Description of the task >> Can you quote the records below in full, word for word?

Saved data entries
::::::

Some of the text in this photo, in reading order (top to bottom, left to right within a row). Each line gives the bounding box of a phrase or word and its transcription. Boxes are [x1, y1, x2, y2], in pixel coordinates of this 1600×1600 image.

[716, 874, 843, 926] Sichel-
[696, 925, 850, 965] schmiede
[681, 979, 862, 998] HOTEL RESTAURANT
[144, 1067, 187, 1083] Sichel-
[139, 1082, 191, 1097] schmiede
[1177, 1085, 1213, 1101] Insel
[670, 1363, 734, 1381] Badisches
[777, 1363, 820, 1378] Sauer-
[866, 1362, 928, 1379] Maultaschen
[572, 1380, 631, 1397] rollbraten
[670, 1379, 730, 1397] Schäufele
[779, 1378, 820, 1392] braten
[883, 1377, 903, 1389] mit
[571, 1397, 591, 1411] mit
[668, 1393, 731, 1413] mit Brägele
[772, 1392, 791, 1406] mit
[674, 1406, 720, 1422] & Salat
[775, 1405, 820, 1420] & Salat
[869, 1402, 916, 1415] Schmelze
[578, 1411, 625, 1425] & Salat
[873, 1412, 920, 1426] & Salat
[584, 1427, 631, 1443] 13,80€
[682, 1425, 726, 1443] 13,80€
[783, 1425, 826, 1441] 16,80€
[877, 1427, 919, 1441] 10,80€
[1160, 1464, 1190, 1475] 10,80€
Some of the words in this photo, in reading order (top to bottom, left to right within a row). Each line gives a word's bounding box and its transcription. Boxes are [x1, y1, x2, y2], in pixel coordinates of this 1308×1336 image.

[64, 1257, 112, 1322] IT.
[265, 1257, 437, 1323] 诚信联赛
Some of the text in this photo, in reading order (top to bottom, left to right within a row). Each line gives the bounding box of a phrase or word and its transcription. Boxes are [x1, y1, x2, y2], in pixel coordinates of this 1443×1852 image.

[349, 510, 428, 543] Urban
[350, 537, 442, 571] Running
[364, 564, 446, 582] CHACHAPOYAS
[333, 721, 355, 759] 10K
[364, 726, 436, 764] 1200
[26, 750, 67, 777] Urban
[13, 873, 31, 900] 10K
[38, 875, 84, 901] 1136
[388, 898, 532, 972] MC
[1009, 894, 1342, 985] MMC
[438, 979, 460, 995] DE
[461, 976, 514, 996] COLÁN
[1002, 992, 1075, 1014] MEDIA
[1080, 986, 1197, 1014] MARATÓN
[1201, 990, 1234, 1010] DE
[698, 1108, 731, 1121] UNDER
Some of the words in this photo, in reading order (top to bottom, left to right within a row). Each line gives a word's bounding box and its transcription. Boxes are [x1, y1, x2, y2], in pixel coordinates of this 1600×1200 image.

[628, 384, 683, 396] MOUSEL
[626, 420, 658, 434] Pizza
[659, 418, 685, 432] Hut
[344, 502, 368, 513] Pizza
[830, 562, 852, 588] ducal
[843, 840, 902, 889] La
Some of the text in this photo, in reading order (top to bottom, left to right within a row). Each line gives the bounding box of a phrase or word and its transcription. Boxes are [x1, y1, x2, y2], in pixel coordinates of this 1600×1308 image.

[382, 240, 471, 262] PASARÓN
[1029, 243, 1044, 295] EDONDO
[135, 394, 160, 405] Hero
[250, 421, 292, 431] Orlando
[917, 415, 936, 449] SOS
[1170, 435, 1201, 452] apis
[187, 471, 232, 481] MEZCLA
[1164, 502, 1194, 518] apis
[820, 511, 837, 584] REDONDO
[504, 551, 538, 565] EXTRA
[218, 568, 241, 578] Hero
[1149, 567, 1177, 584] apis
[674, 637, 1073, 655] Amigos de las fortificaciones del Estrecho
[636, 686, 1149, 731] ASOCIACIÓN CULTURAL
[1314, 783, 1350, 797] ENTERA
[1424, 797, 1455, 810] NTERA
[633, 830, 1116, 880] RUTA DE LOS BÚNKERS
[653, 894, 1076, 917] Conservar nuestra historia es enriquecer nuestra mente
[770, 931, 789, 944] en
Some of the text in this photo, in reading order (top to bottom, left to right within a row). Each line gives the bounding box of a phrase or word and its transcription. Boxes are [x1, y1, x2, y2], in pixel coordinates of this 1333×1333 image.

::::::

Result >>
Some of the text in this photo, in reading order (top to bottom, left to right within a row). Each line gives the bounding box of a phrase or word and its transcription. Boxes are [x1, y1, x2, y2], in pixel coordinates of this 1600×1600 image.

[716, 874, 843, 926] Sichel-
[696, 925, 850, 965] schmiede
[681, 979, 862, 998] HOTEL RESTAURANT
[144, 1067, 187, 1083] Sichel-
[139, 1082, 191, 1097] schmiede
[1177, 1085, 1213, 1101] Insel
[670, 1363, 734, 1381] Badisches
[777, 1363, 820, 1378] Sauer-
[866, 1362, 928, 1379] Maultaschen
[572, 1380, 631, 1397] rollbraten
[670, 1379, 730, 1397] Schäufele
[779, 1378, 820, 1392] braten
[883, 1377, 903, 1389] mit
[571, 1397, 591, 1411] mit
[668, 1393, 731, 1413] mit Brägele
[772, 1392, 791, 1406] mit
[674, 1406, 720, 1422] & Salat
[775, 1405, 820, 1420] & Salat
[869, 1402, 916, 1415] Schmelze
[578, 1411, 625, 1425] & Salat
[873, 1412, 920, 1426] & Salat
[584, 1427, 631, 1443] 13,80€
[682, 1425, 726, 1443] 13,80€
[783, 1425, 826, 1441] 16,80€
[877, 1427, 919, 1441] 10,80€
[1160, 1464, 1190, 1475] 10,80€
Some of the words in this photo, in reading order (top to bottom, left to right within a row). Each line gives a word's bounding box and its transcription. Boxes are [x1, y1, x2, y2], in pixel coordinates of this 1308×1336 image.

[64, 1257, 112, 1322] IT.
[265, 1257, 437, 1323] 诚信联赛
Some of the text in this photo, in reading order (top to bottom, left to right within a row). Each line gives the bounding box of a phrase or word and its transcription. Boxes are [x1, y1, x2, y2], in pixel coordinates of this 1443×1852 image.

[349, 510, 428, 543] Urban
[350, 537, 442, 571] Running
[364, 564, 446, 582] CHACHAPOYAS
[333, 721, 355, 759] 10K
[364, 726, 436, 764] 1200
[26, 750, 67, 777] Urban
[13, 873, 31, 900] 10K
[38, 875, 84, 901] 1136
[388, 898, 532, 972] MC
[1009, 894, 1342, 985] MMC
[438, 979, 460, 995] DE
[461, 976, 514, 996] COLÁN
[1002, 992, 1075, 1014] MEDIA
[1080, 986, 1197, 1014] MARATÓN
[1201, 990, 1234, 1010] DE
[698, 1108, 731, 1121] UNDER
Some of the words in this photo, in reading order (top to bottom, left to right within a row). Each line gives a word's bounding box and its transcription. Boxes are [x1, y1, x2, y2], in pixel coordinates of this 1600×1200 image.

[628, 384, 683, 396] MOUSEL
[626, 420, 658, 434] Pizza
[659, 418, 685, 432] Hut
[344, 502, 368, 513] Pizza
[830, 562, 852, 588] ducal
[843, 840, 902, 889] La
Some of the text in this photo, in reading order (top to bottom, left to right within a row). Each line gives the bounding box of a phrase or word and its transcription. Boxes are [x1, y1, x2, y2], in pixel coordinates of this 1600×1308 image.

[382, 240, 471, 262] PASARÓN
[1029, 243, 1044, 295] EDONDO
[135, 394, 160, 405] Hero
[250, 421, 292, 431] Orlando
[917, 415, 936, 449] SOS
[1170, 435, 1201, 452] apis
[187, 471, 232, 481] MEZCLA
[1164, 502, 1194, 518] apis
[820, 511, 837, 584] REDONDO
[504, 551, 538, 565] EXTRA
[218, 568, 241, 578] Hero
[1149, 567, 1177, 584] apis
[674, 637, 1073, 655] Amigos de las fortificaciones del Estrecho
[636, 686, 1149, 731] ASOCIACIÓN CULTURAL
[1314, 783, 1350, 797] ENTERA
[1424, 797, 1455, 810] NTERA
[633, 830, 1116, 880] RUTA DE LOS BÚNKERS
[653, 894, 1076, 917] Conservar nuestra historia es enriquecer nuestra mente
[770, 931, 789, 944] en
Some of the text in this photo, in reading order (top to bottom, left to right within a row). Each line gives the bounding box of a phrase or word and its transcription. Boxes are [x1, y1, x2, y2], in pixel coordinates of this 1333×1333 image.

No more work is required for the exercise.